More expensive and state-of-the-art, but it guards against bike-sharing’s Achilles heel, theft and vandalism.

“The crime rate,” said Tiffany Hawthorn, a local walking along Sherman Avenue, about what would prevent such an idea from taking place here. “Our younger generation would take them home and part them out, I guarantee it.”

McCully said when members of the Pedestrian and Bicycle Advisory Committee began kicking around the idea of putting out bicycles on the bike racks, they knew that could be a problem. And if the idea were to fail because of those, it would be hard to build the momentum back up for bike sharing in the future.

One possible prevention would be awareness. The city could collect a heap of “serviceable” bicycles from police auctions, for example, and paint them all a uniform, distinguishable color such as pink so everyone knows when one is a public bike.

That could make resale of stolen bikes more difficult, but wouldn’t necessarily guard against vandalism.

The number of stolen bikes in Coeur d’Alene wasn’t immediately available, but Young said around 15 percent of his customers looking for a new bike are doing so because their old one was stolen. A few years ago, it was only a couple of customers per year, he said, and transaction Web sites could be a tool for people looking to sell the recognizable bike outside the area.

“There could be some problems,” he said of the sharing idea.

McCully agreed that a lot of wrinkles would have to be ironed out, should the Lake City implement its own plan, but it was an idea worth at least discussing down the line as the city continues to add and connect trails across town.
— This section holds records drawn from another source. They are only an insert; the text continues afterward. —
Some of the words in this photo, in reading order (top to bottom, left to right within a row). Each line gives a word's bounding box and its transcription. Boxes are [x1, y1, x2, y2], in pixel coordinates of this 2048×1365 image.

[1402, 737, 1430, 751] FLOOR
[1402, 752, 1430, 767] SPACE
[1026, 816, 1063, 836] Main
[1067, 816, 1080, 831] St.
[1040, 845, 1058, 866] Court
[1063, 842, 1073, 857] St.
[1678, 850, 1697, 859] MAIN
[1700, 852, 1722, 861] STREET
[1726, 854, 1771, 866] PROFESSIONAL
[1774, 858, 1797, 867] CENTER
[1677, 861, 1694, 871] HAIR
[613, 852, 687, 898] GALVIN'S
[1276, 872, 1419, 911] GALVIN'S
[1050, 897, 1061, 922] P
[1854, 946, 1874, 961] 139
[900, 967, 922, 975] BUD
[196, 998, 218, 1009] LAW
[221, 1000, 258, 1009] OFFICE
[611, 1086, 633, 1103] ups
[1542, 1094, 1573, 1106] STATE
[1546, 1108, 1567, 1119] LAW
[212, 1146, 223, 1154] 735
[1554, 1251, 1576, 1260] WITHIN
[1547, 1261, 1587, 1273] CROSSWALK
Both Minneapolis and Denver saw the possibilities when bike-sharing programs were used at the 2008 Republican and Democratic conventions they hosted, with 1,000 bikes at each location. In eight days that summer, the program logged 7,523 bike rides and 41,724 miles.

Meanwhile, Portland, Ore., is watching the Minnesota and Denver programs before deciding whether to launch its own.

“That’d be a good idea, I’d use it,” said Bryan Ervin, waiting at the bus stop on Fourth Street Friday next to the artistic bike racks that spurred the idea here.

Ervin was lamenting that the bus was running a little late, and was surprised when he learned that adjacent art pieces were designed to hold bikes, too.

“They ought to put a sign out or something so people know,” he said. “Or bicycles.”

The Associated Press contributed to this report.